• _AIM OF THE TASK_:
Copy each record below exactly, please, and leave its pictures out.

------------

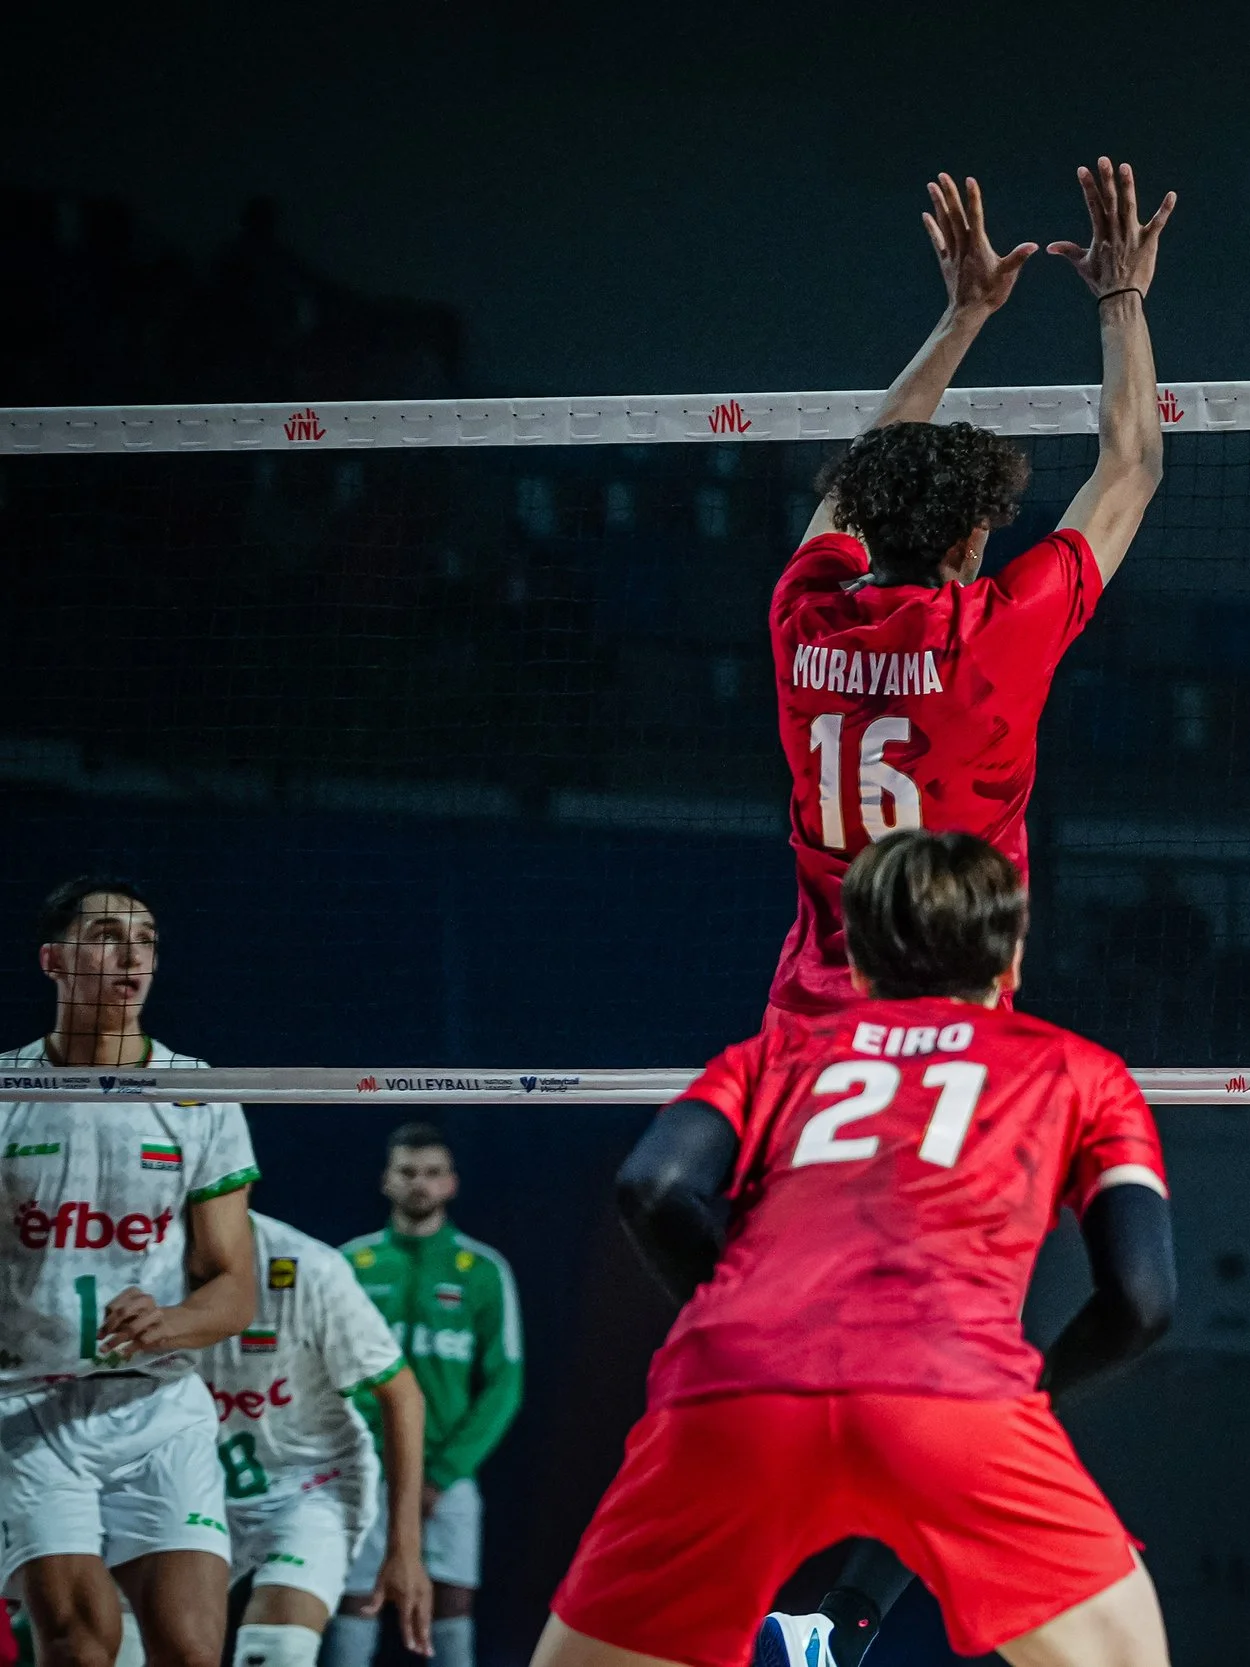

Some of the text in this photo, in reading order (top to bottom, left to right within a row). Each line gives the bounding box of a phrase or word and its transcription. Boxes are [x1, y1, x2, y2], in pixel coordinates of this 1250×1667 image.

[708, 400, 751, 434] VNL
[1157, 389, 1184, 422] NL
[284, 408, 326, 441] VNL
[793, 643, 943, 695] MURAYAMA
[810, 713, 922, 849] 16
[852, 1021, 974, 1056] EIRO
[0, 1077, 58, 1089] EYBALL
[385, 1078, 480, 1091] VOLLEYBALL
[791, 1060, 988, 1168] 21
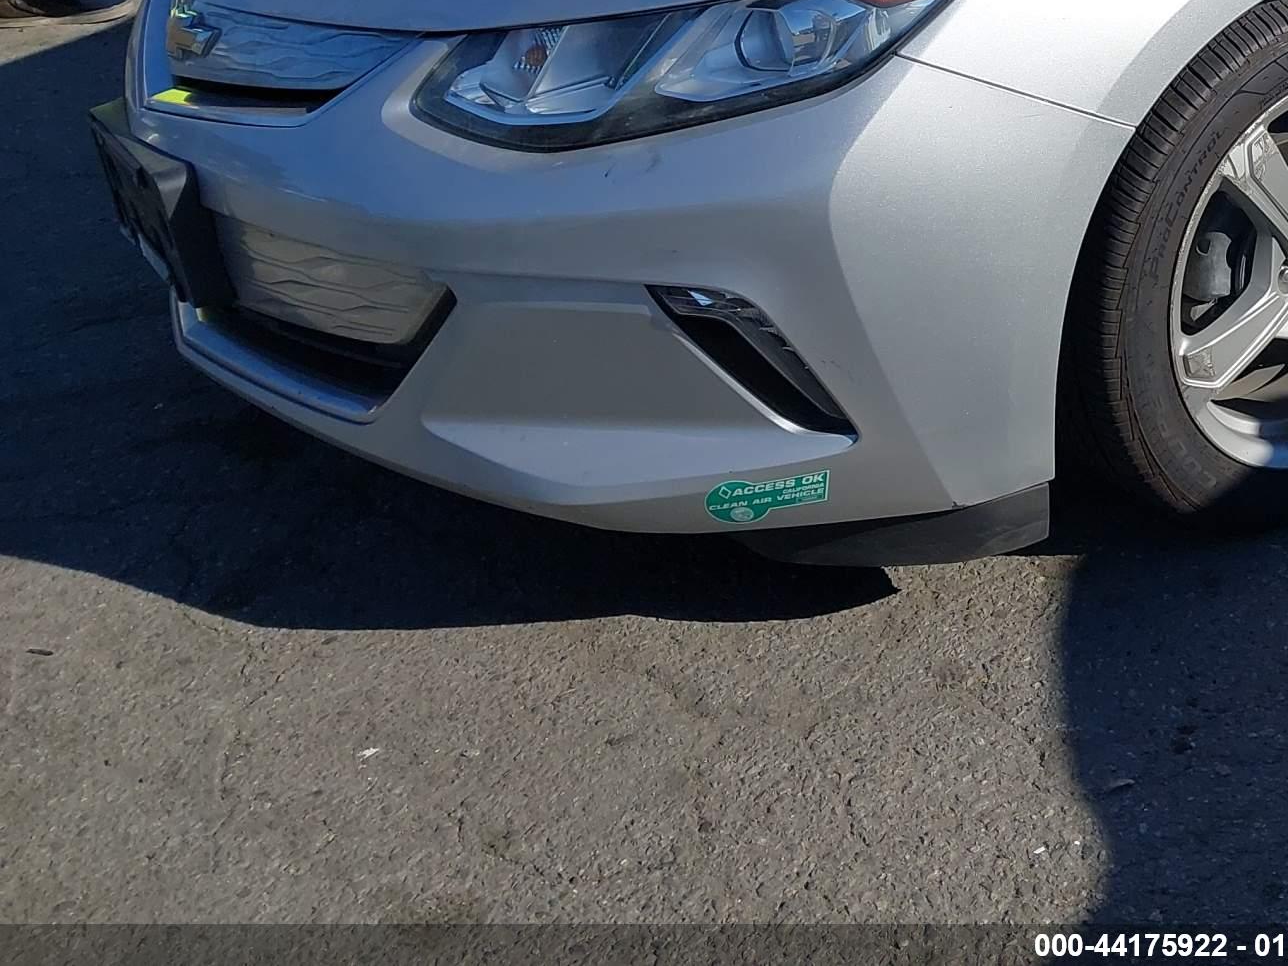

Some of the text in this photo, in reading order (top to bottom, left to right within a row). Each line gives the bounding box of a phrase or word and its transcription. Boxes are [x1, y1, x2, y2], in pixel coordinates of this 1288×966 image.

[732, 473, 825, 497] ACCESS OK
[782, 483, 825, 494] CALIFORNIA
[708, 500, 748, 511] CLEAN
[752, 496, 773, 506] AIR
[776, 487, 825, 501] VEHICLE
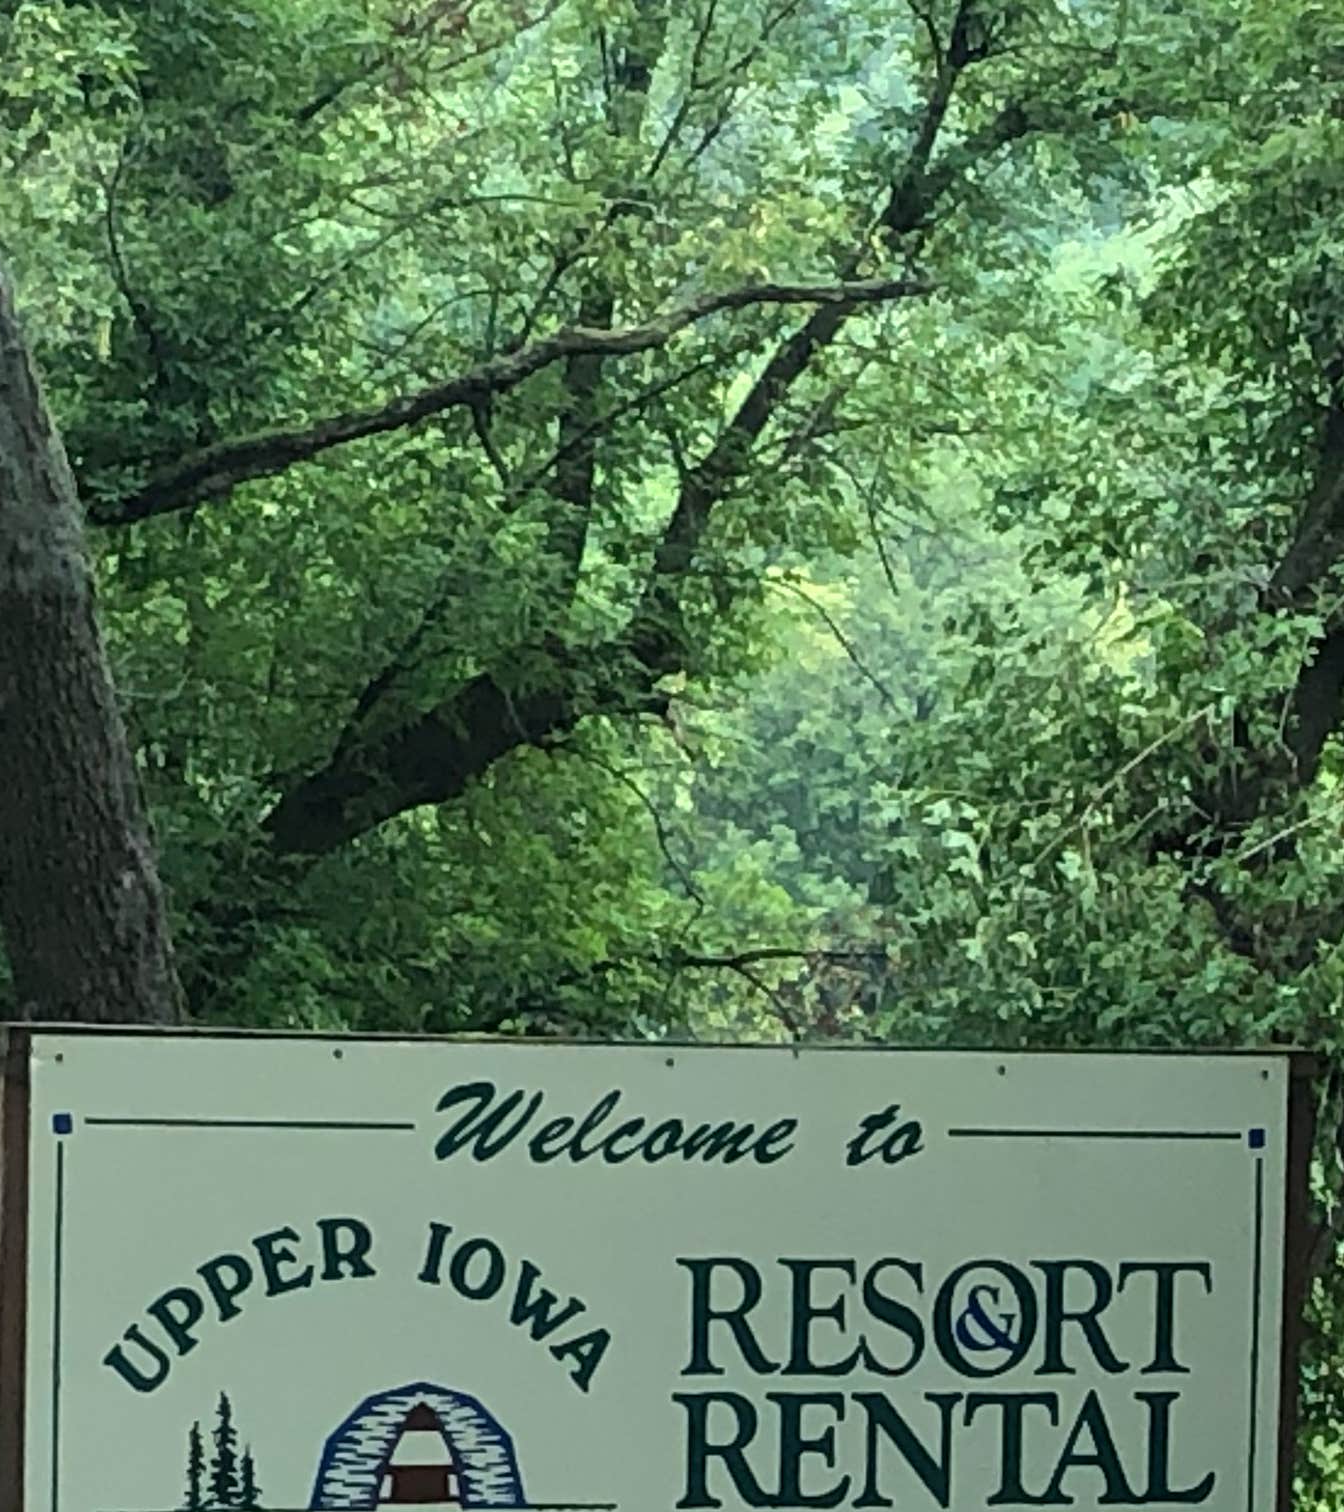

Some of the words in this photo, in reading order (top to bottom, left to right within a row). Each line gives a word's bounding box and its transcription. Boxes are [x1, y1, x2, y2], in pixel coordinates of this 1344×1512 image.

------------

• _COMPLETED TASK_:
Some of the text in this photo, in reading order (top to bottom, left to right within a row). Each line gives the bounding box of a phrase or word and its transcription. Boxes are [x1, y1, x2, y2], in pixel coordinates of this 1250×1667 image.

[708, 400, 751, 434] VNL
[1157, 389, 1184, 422] NL
[284, 408, 326, 441] VNL
[793, 643, 943, 695] MURAYAMA
[810, 713, 922, 849] 16
[852, 1021, 974, 1056] EIRO
[0, 1077, 58, 1089] EYBALL
[385, 1078, 480, 1091] VOLLEYBALL
[791, 1060, 988, 1168] 21

Some of the text in this photo, in reading order (top to bottom, left to right within a row). Each line gives the bounding box of a phrase or word and its transcription. Boxes are [x1, y1, x2, y2], in pixel coordinates of this 1288×966 image.

[732, 473, 825, 497] ACCESS OK
[782, 483, 825, 494] CALIFORNIA
[708, 500, 748, 511] CLEAN
[752, 496, 773, 506] AIR
[776, 487, 825, 501] VEHICLE

Some of the words in this photo, in reading order (top to bottom, left to right within a row). Each line gives a word's bounding box and its transcription. Boxes are [x1, y1, x2, y2], in pixel coordinates of this 1344×1512 image.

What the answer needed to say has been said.